Heavy rainfall began lashing central Europe on Friday as the slow-moving low-pressure system arrived, and it is expected to linger for days.
Storm Boris has brought a month’s worth of rain in just 24 hours to swathes of Poland, Romania, Austria, the Czech Republic and Hungary, along with fierce winds.
Four bodies, three women and one man, were recovered from Romania. It was the hardest-hit country, with flooding affecting 19 localities across eight counties.
Strong winds downed dozens of trees, damaging cars and blocking roads and traffic.
The southeastern region of Galati, a county in Romania, was especially badly hit, with at least 700 homes flooded and hundreds of people left stranded, according to Emil Dragomir, the mayor of Slobozia Conachi village in the county.
“This is a catastrophe of epic proportions,” Mr Dragomir said.
Romanian president Klaus Iohannis on Saturday acknowledged that they were reeling under the effects of the increasing impact of the climate crisis.
“We are again facing the effects of climate change, which are increasingly present on the European continent, with dramatic consequences,” he said.
Authorities said on Saturday that the rainfall figures for the past 24 hours were the heaviest in 100 years.
A Black Hawk helicopter was deployed to Galati to help with the search-and-rescue missions.
In Poland and the Czech Republic, rivers burst their banks and several areas were deluged by water.

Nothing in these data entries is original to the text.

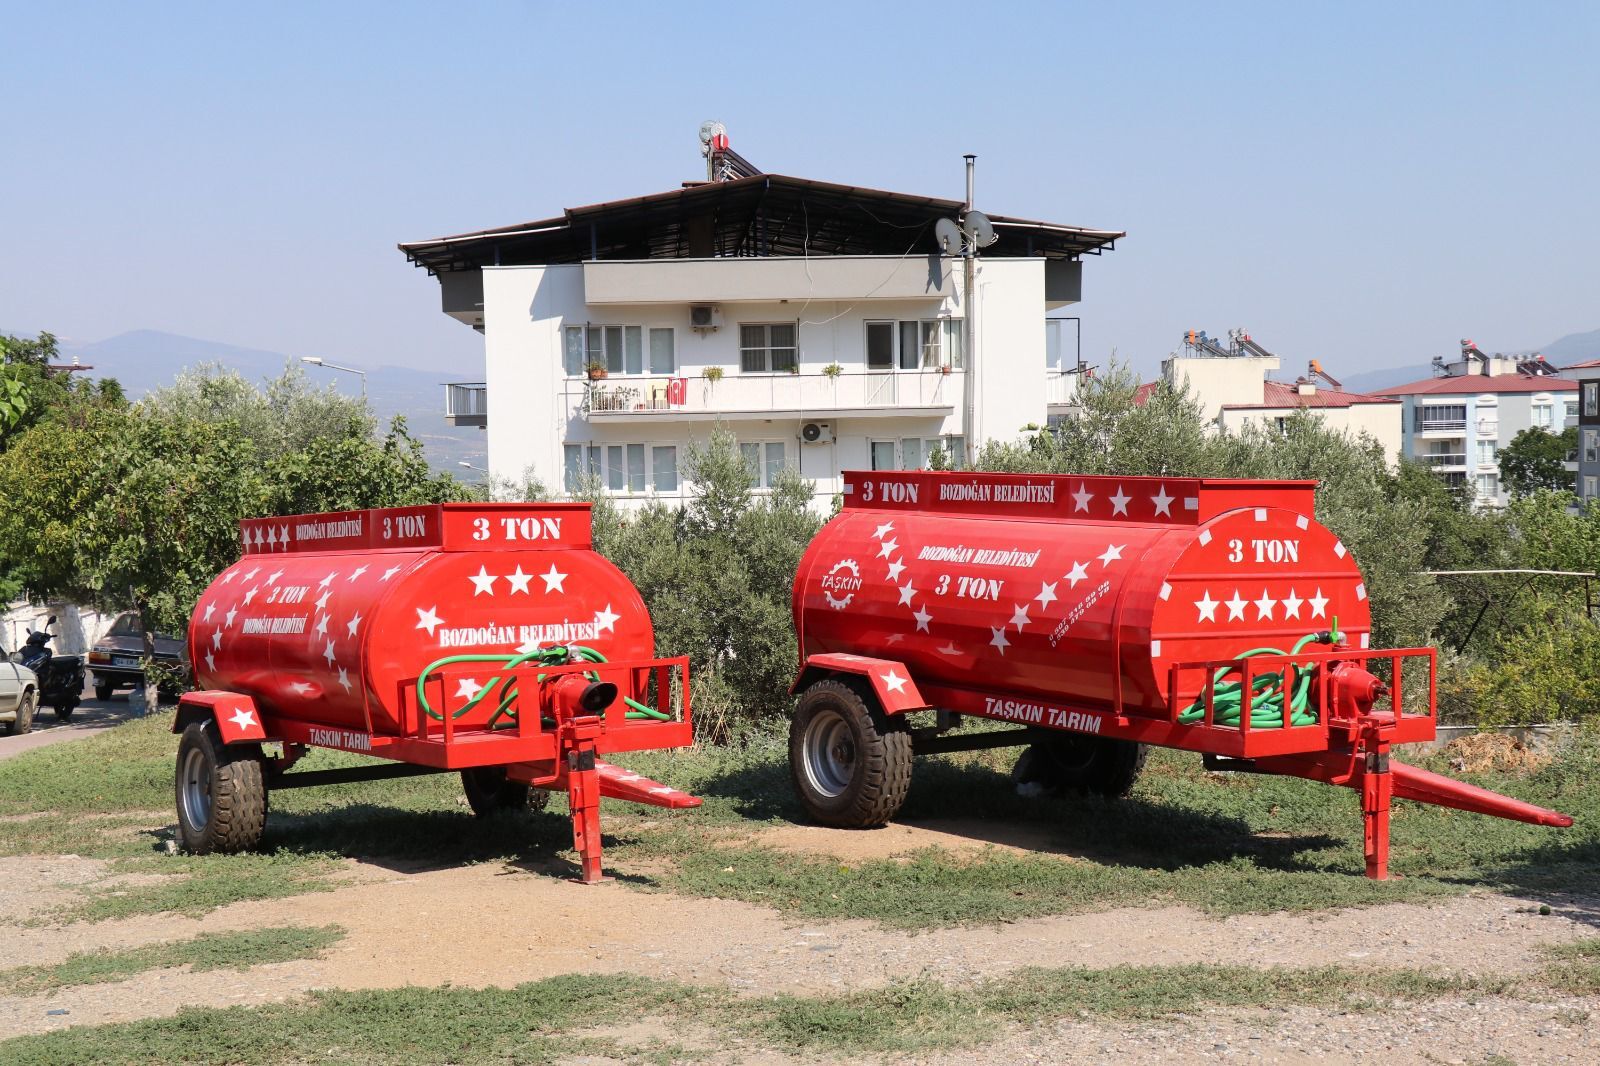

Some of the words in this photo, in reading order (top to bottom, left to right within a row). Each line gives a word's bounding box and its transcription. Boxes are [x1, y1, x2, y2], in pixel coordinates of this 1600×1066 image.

[862, 481, 874, 501] 3
[880, 482, 920, 504] TON
[940, 480, 991, 502] BOZDOĞAN
[993, 480, 1055, 504] BELEDİYESİ
[296, 520, 326, 541] BOZDOĞAN
[326, 515, 362, 539] BELEDİYESİ
[383, 517, 392, 539] 3
[395, 515, 426, 538] TON
[472, 518, 490, 541] 3
[501, 517, 562, 541] TON
[917, 544, 974, 564] BOZDOĞAN
[972, 547, 1042, 568] BELEDİYESİ
[1228, 538, 1243, 563] 3
[1252, 539, 1300, 563] TON
[266, 586, 280, 604] 3
[278, 586, 310, 604] TON
[821, 574, 863, 593] TAŞKIN
[934, 574, 951, 596] 3
[957, 576, 1005, 601] TON
[242, 615, 271, 634] BOZDOĞAN
[270, 613, 309, 634] BELEDİYESİ
[439, 621, 516, 647] BOZDOĞAN
[520, 617, 600, 644] BELEDİYESİ
[985, 697, 1044, 723] TAŞKIN
[1048, 708, 1102, 734] TARIM
[309, 728, 341, 747] TAŞKIN
[343, 732, 372, 751] TARIM
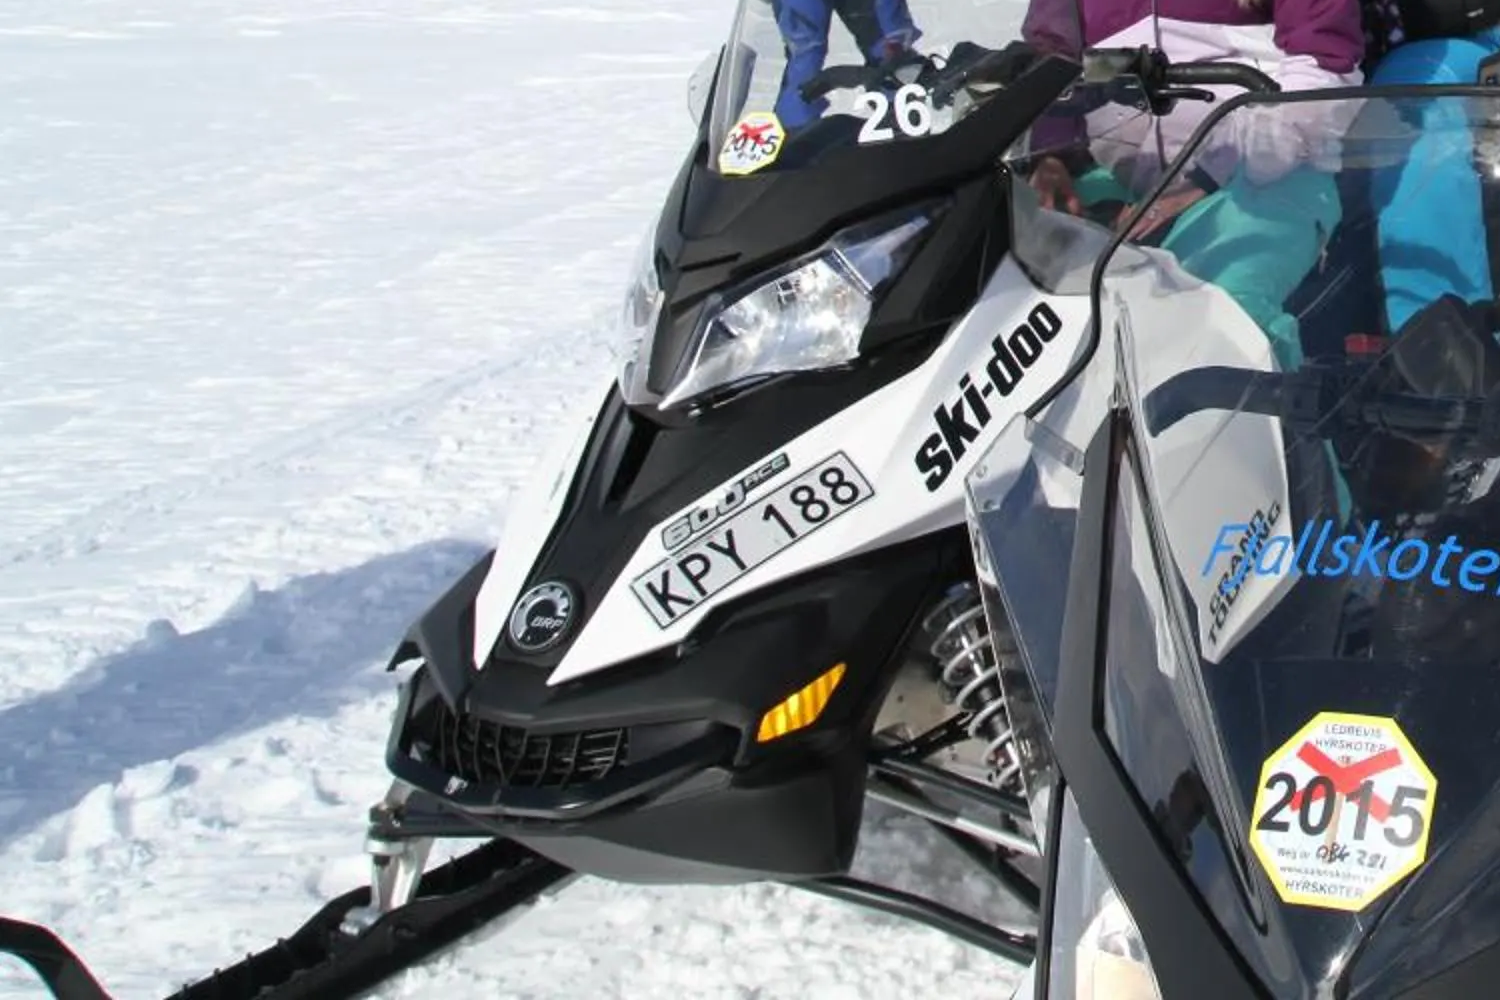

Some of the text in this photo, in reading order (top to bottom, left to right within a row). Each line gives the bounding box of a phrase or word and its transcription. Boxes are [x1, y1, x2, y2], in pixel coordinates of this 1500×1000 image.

One person died by drowning in Klodzko county in southwest Poland and 1,600 people were evacuated. Several municipalities were flooded as rivers broke record high levels after days of heavy rainfall.
“The situation is very dramatic, it’s most dramatic in Klodzko county,” Polish prime minister Donald Tusk told reporters on Sunday after meeting with the crisis management team in Klodzko town.

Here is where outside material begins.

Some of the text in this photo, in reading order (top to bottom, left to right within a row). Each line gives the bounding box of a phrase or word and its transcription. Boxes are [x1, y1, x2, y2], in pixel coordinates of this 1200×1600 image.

In southern Poland, authorities issued evacuation orders for homes in Glucholazy, a historic town near the Czech border, after the Biala Glicholaska River surged by two meters (6.5 feet) overnight into Saturday.
Poland’s interior minister Tomasz Siemoniak told TVN24 they would be “focusing on what the threats will be in the next few hours” after authorities received hundreds of incident reports.

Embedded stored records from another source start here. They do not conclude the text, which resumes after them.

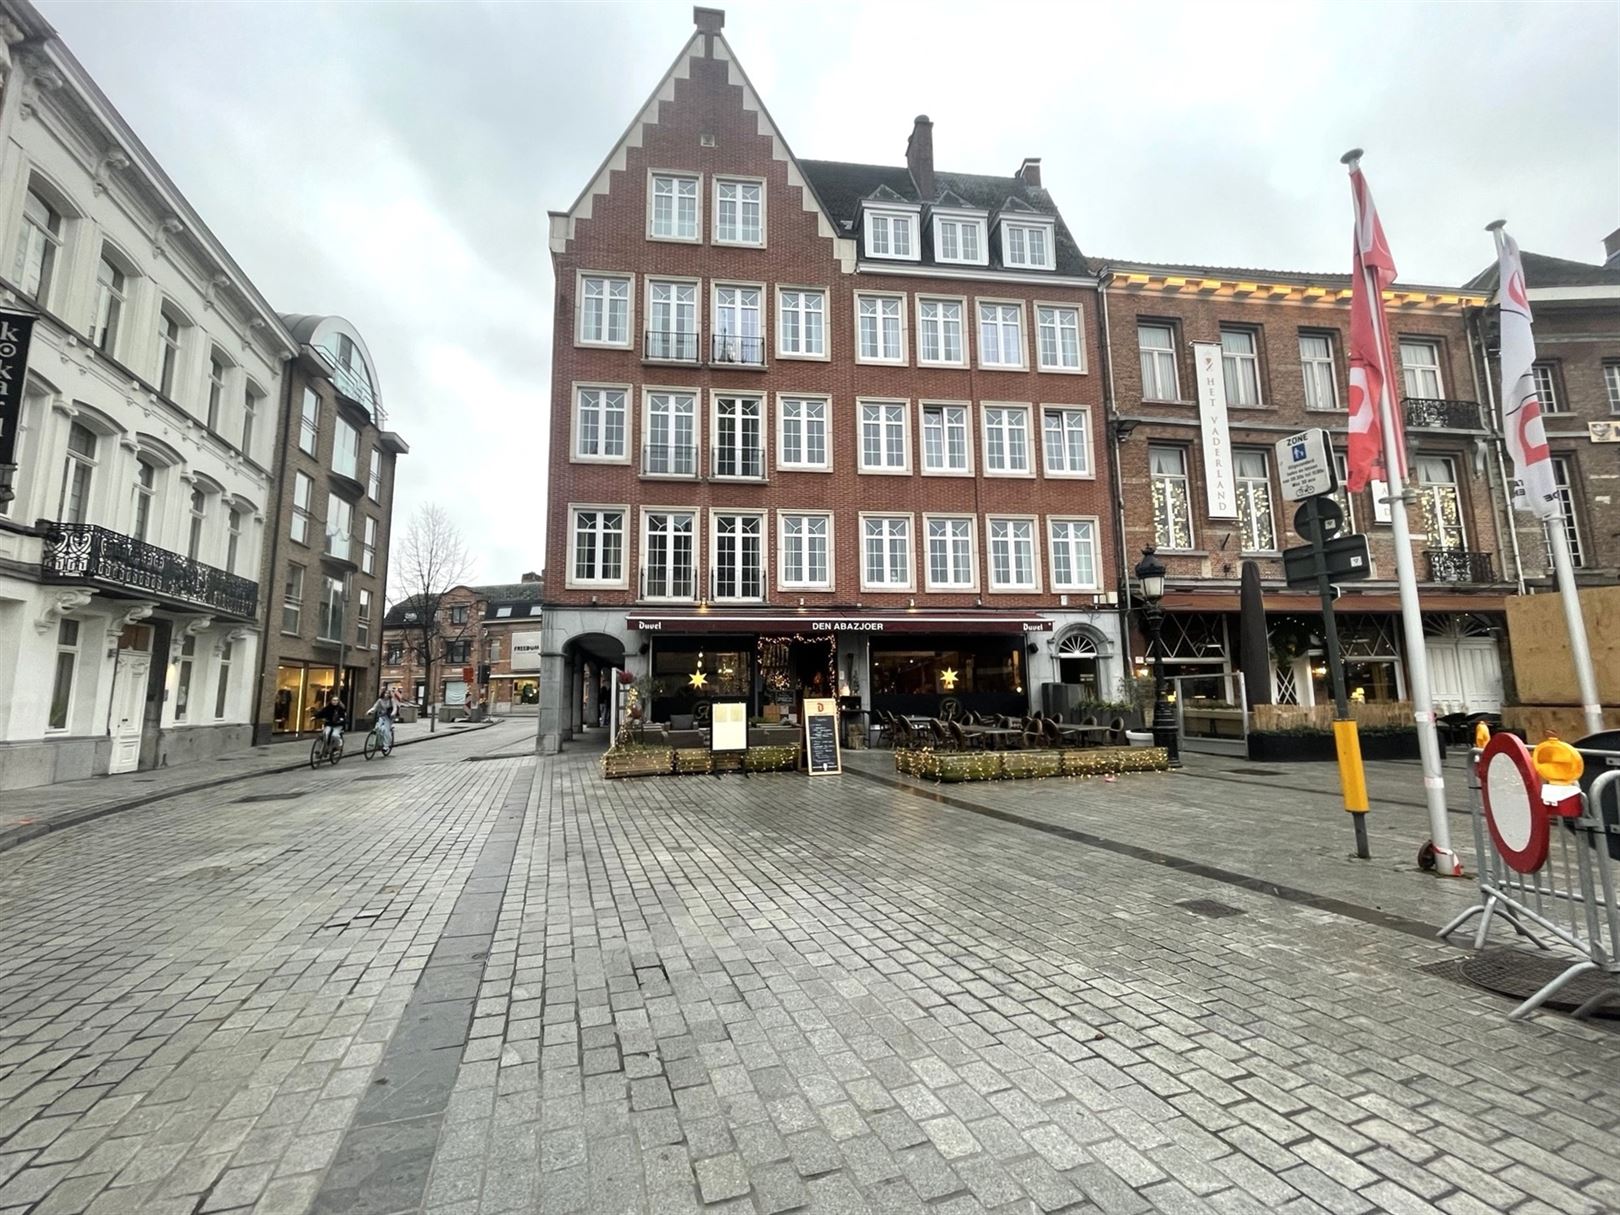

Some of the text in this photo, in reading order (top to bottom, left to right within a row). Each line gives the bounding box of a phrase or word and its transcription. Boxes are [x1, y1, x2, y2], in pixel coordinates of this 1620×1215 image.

[1206, 377, 1228, 511] HET VADERLAND
[1286, 433, 1309, 447] ZONE
[638, 620, 662, 630] Duvel
[812, 622, 884, 631] DEN ABAZJOER
[1023, 622, 1043, 631] Duvel

In Krakow, Poland’s second-largest city, residents were given sandbags to protect their houses from flood waters.
More than 100,000 firefighters have been deployed in the Czech Republic as the authorities received nearly 2,900 incident reports on Friday, mostly related to fallen trees and flooding.
About 260,000 households were without power on Sunday morning in the entire country while traffic was halted on many roads, including the major D1 highway.
In the Czech city of Opava, up to 10,000 people out of a population of some 56,000 have been asked to leave their homes for higher ground. Rescuers used boats to transport people to safety in a neighbourhood flooded by the raging Opava River.
“There’s no reason to wait,” mayor Tomas Navratil told Czech public radio. He said the situation is worse than during the last devastating floods in 1997, known as the “flood of the century”.
Prime minister Petr Fiala said the focus is on saving lives, and his government will meet on Monday to assess the damage.
Footage released by the Czech Republic’s Fire and Rescue Service captured scenes of flooded streets in the southern municipality of Benesove nad Cernou, where two women, who had ignored evacuation orders, were rescued by boat.
Neighbouring Slovakia ordered a state of emergency in the capital, Bratislava, and Austria was pummelled by heavy rains, causing the rivers to swell.
Parts of the southern and eastern states in Germany are also flooded, with warnings in place for rivers in the state of Saxony.